**REQUIRED WORK:**
Write the data out again in full, with no departure from the original.

**GIVEN RECORDS:**
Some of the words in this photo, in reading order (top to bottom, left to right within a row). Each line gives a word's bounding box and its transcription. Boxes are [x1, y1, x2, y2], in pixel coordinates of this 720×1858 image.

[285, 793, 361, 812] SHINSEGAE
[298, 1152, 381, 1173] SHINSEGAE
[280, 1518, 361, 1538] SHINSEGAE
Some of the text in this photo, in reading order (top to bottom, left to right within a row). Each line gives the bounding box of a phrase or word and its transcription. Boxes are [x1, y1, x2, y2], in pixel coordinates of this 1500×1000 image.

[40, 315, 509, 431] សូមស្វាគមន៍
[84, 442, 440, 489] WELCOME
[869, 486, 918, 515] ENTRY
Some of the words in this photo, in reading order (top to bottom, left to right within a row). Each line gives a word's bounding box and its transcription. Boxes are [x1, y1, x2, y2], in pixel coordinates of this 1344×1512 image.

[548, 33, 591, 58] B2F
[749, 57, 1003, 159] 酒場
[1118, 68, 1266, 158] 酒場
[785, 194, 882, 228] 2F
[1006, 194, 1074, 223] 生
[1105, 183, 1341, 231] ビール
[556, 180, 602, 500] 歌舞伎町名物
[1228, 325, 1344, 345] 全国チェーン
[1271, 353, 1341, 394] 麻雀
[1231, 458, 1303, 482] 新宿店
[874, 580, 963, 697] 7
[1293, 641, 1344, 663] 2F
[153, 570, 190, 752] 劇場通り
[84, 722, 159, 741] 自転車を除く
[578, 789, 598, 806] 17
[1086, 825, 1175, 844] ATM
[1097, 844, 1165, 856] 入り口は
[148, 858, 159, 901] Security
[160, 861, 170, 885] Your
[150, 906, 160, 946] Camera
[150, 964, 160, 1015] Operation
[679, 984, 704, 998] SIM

**RESPONSE AREA:**
Some of the words in this photo, in reading order (top to bottom, left to right within a row). Each line gives a word's bounding box and its transcription. Boxes are [x1, y1, x2, y2], in pixel coordinates of this 720×1858 image.

[285, 793, 361, 812] SHINSEGAE
[298, 1152, 381, 1173] SHINSEGAE
[280, 1518, 361, 1538] SHINSEGAE
Some of the text in this photo, in reading order (top to bottom, left to right within a row). Each line gives the bounding box of a phrase or word and its transcription. Boxes are [x1, y1, x2, y2], in pixel coordinates of this 1500×1000 image.

[40, 315, 509, 431] សូមស្វាគមន៍
[84, 442, 440, 489] WELCOME
[869, 486, 918, 515] ENTRY
Some of the words in this photo, in reading order (top to bottom, left to right within a row). Each line gives a word's bounding box and its transcription. Boxes are [x1, y1, x2, y2], in pixel coordinates of this 1344×1512 image.

[548, 33, 591, 58] B2F
[749, 57, 1003, 159] 酒場
[1118, 68, 1266, 158] 酒場
[785, 194, 882, 228] 2F
[1006, 194, 1074, 223] 生
[1105, 183, 1341, 231] ビール
[556, 180, 602, 500] 歌舞伎町名物
[1228, 325, 1344, 345] 全国チェーン
[1271, 353, 1341, 394] 麻雀
[1231, 458, 1303, 482] 新宿店
[874, 580, 963, 697] 7
[1293, 641, 1344, 663] 2F
[153, 570, 190, 752] 劇場通り
[84, 722, 159, 741] 自転車を除く
[578, 789, 598, 806] 17
[1086, 825, 1175, 844] ATM
[1097, 844, 1165, 856] 入り口は
[148, 858, 159, 901] Security
[160, 861, 170, 885] Your
[150, 906, 160, 946] Camera
[150, 964, 160, 1015] Operation
[679, 984, 704, 998] SIM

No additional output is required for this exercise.